What are the lines, copied exactly, from the one containing "this 1344×1512 image." through the last line of the records below, both included?

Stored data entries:
___
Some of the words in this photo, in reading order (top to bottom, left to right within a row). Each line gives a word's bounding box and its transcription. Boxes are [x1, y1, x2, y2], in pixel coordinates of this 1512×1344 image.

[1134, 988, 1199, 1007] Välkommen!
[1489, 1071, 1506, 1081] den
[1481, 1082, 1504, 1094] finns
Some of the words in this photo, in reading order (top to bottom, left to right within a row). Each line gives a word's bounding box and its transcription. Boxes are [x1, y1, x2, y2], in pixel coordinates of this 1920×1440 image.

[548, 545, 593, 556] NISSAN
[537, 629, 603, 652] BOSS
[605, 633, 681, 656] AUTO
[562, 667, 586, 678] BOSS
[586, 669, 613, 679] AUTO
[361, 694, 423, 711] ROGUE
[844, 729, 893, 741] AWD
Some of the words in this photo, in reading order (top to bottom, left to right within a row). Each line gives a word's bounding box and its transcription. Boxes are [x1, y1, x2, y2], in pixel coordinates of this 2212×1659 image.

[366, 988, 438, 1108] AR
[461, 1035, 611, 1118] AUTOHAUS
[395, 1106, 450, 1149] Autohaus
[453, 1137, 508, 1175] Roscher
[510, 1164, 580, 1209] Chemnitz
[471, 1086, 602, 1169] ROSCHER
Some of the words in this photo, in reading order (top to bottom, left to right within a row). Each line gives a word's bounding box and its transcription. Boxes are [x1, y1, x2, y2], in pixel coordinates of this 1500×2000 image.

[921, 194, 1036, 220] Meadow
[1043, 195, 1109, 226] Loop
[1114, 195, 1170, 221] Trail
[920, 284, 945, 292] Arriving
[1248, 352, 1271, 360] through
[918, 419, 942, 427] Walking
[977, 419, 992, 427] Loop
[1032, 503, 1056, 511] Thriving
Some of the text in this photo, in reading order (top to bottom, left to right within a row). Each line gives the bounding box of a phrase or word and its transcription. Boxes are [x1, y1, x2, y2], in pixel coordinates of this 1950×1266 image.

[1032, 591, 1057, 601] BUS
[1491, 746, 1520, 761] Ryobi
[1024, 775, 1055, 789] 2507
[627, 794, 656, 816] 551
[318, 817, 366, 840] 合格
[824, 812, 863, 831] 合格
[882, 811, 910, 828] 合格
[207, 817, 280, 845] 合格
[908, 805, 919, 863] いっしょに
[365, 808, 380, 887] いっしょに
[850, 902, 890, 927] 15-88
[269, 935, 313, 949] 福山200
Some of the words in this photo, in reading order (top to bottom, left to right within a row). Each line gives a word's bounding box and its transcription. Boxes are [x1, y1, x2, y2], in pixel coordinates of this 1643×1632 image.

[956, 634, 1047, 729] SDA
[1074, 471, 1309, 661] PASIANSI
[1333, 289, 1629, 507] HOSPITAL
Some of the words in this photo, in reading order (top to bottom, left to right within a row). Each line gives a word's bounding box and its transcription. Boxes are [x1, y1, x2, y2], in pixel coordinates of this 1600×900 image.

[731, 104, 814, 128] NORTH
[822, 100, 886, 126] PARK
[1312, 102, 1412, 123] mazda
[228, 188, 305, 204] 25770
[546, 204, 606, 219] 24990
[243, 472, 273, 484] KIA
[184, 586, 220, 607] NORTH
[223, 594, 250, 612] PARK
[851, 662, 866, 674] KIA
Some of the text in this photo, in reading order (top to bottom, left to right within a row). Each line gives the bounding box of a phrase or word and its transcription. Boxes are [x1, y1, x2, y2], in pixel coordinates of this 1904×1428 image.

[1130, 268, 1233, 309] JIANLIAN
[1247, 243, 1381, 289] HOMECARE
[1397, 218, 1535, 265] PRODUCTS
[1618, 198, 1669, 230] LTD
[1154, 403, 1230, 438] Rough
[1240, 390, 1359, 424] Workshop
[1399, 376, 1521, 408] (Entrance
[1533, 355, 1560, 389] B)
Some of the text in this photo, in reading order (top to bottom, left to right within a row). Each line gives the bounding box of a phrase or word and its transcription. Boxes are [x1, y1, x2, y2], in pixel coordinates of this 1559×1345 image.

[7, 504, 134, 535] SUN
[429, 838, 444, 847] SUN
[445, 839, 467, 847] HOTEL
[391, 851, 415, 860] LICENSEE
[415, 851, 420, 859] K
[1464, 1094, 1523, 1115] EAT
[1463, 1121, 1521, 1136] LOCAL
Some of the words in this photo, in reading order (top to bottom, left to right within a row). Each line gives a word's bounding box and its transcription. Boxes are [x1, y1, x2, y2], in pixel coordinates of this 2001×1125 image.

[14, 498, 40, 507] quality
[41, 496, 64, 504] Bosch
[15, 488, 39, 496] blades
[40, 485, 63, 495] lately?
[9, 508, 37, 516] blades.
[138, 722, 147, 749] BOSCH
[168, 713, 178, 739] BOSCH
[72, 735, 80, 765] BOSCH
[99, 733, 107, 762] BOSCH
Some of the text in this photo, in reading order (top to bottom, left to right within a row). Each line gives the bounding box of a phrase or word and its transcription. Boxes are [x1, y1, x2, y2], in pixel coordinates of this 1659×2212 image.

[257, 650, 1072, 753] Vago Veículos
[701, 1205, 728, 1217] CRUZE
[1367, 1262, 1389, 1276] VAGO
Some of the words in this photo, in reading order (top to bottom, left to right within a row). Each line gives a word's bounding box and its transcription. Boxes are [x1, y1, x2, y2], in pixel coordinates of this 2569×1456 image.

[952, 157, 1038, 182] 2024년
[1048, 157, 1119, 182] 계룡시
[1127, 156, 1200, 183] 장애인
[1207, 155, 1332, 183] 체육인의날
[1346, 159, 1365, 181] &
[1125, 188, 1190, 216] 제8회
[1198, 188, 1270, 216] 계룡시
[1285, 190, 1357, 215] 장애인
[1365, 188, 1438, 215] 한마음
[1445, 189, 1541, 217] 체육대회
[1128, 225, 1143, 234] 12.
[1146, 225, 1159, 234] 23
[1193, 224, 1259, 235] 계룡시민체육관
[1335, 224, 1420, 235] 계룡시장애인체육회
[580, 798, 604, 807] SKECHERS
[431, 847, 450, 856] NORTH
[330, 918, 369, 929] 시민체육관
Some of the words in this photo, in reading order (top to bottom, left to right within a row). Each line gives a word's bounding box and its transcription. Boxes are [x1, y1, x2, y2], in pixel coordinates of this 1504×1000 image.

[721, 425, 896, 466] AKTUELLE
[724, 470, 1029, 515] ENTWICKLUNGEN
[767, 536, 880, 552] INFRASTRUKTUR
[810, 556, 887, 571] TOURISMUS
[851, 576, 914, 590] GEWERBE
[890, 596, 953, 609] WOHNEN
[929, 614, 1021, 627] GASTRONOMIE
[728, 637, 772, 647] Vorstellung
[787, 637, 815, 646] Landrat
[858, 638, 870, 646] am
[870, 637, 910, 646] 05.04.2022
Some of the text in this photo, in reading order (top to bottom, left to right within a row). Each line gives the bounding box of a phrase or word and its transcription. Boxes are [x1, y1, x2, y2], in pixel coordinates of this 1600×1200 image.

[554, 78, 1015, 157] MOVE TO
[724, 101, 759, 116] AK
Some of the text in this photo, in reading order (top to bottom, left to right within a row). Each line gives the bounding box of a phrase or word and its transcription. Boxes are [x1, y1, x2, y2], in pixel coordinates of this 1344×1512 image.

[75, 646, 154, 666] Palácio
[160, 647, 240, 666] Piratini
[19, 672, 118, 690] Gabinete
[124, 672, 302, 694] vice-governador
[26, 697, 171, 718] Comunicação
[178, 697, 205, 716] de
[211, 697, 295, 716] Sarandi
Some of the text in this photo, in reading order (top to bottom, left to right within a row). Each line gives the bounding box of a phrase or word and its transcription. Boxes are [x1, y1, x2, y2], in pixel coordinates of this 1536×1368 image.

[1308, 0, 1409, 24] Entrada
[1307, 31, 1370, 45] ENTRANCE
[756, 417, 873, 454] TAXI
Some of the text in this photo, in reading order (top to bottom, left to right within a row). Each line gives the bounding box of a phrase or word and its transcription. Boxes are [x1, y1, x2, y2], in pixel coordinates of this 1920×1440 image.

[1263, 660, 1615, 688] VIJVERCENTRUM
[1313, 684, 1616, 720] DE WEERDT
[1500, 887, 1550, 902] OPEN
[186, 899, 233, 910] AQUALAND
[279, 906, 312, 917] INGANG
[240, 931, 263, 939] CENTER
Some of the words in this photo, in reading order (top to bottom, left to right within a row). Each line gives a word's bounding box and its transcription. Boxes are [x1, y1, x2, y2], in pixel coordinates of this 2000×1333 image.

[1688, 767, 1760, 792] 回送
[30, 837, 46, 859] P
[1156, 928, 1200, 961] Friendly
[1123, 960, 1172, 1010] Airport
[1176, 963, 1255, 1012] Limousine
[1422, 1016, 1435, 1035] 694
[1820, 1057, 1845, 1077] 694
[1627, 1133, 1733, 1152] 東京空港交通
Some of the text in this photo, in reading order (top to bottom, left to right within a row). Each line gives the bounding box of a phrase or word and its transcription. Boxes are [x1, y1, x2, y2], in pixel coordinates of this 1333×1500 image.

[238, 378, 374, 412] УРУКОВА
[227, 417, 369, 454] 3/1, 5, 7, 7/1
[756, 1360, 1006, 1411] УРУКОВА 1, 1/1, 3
___
» **Worked solution**:
Some of the text in this photo, in reading order (top to bottom, left to right within a row). Each line gives the bounding box of a phrase or word and its transcription. Boxes are [x1, y1, x2, y2], in pixel coordinates of this 1344×1512 image.

[75, 646, 154, 666] Palácio
[160, 647, 240, 666] Piratini
[19, 672, 118, 690] Gabinete
[124, 672, 302, 694] vice-governador
[26, 697, 171, 718] Comunicação
[178, 697, 205, 716] de
[211, 697, 295, 716] Sarandi
Some of the text in this photo, in reading order (top to bottom, left to right within a row). Each line gives the bounding box of a phrase or word and its transcription. Boxes are [x1, y1, x2, y2], in pixel coordinates of this 1536×1368 image.

[1308, 0, 1409, 24] Entrada
[1307, 31, 1370, 45] ENTRANCE
[756, 417, 873, 454] TAXI
Some of the text in this photo, in reading order (top to bottom, left to right within a row). Each line gives the bounding box of a phrase or word and its transcription. Boxes are [x1, y1, x2, y2], in pixel coordinates of this 1920×1440 image.

[1263, 660, 1615, 688] VIJVERCENTRUM
[1313, 684, 1616, 720] DE WEERDT
[1500, 887, 1550, 902] OPEN
[186, 899, 233, 910] AQUALAND
[279, 906, 312, 917] INGANG
[240, 931, 263, 939] CENTER
Some of the words in this photo, in reading order (top to bottom, left to right within a row). Each line gives a word's bounding box and its transcription. Boxes are [x1, y1, x2, y2], in pixel coordinates of this 2000×1333 image.

[1688, 767, 1760, 792] 回送
[30, 837, 46, 859] P
[1156, 928, 1200, 961] Friendly
[1123, 960, 1172, 1010] Airport
[1176, 963, 1255, 1012] Limousine
[1422, 1016, 1435, 1035] 694
[1820, 1057, 1845, 1077] 694
[1627, 1133, 1733, 1152] 東京空港交通
Some of the text in this photo, in reading order (top to bottom, left to right within a row). Each line gives the bounding box of a phrase or word and its transcription. Boxes are [x1, y1, x2, y2], in pixel coordinates of this 1333×1500 image.

[238, 378, 374, 412] УРУКОВА
[227, 417, 369, 454] 3/1, 5, 7, 7/1
[756, 1360, 1006, 1411] УРУКОВА 1, 1/1, 3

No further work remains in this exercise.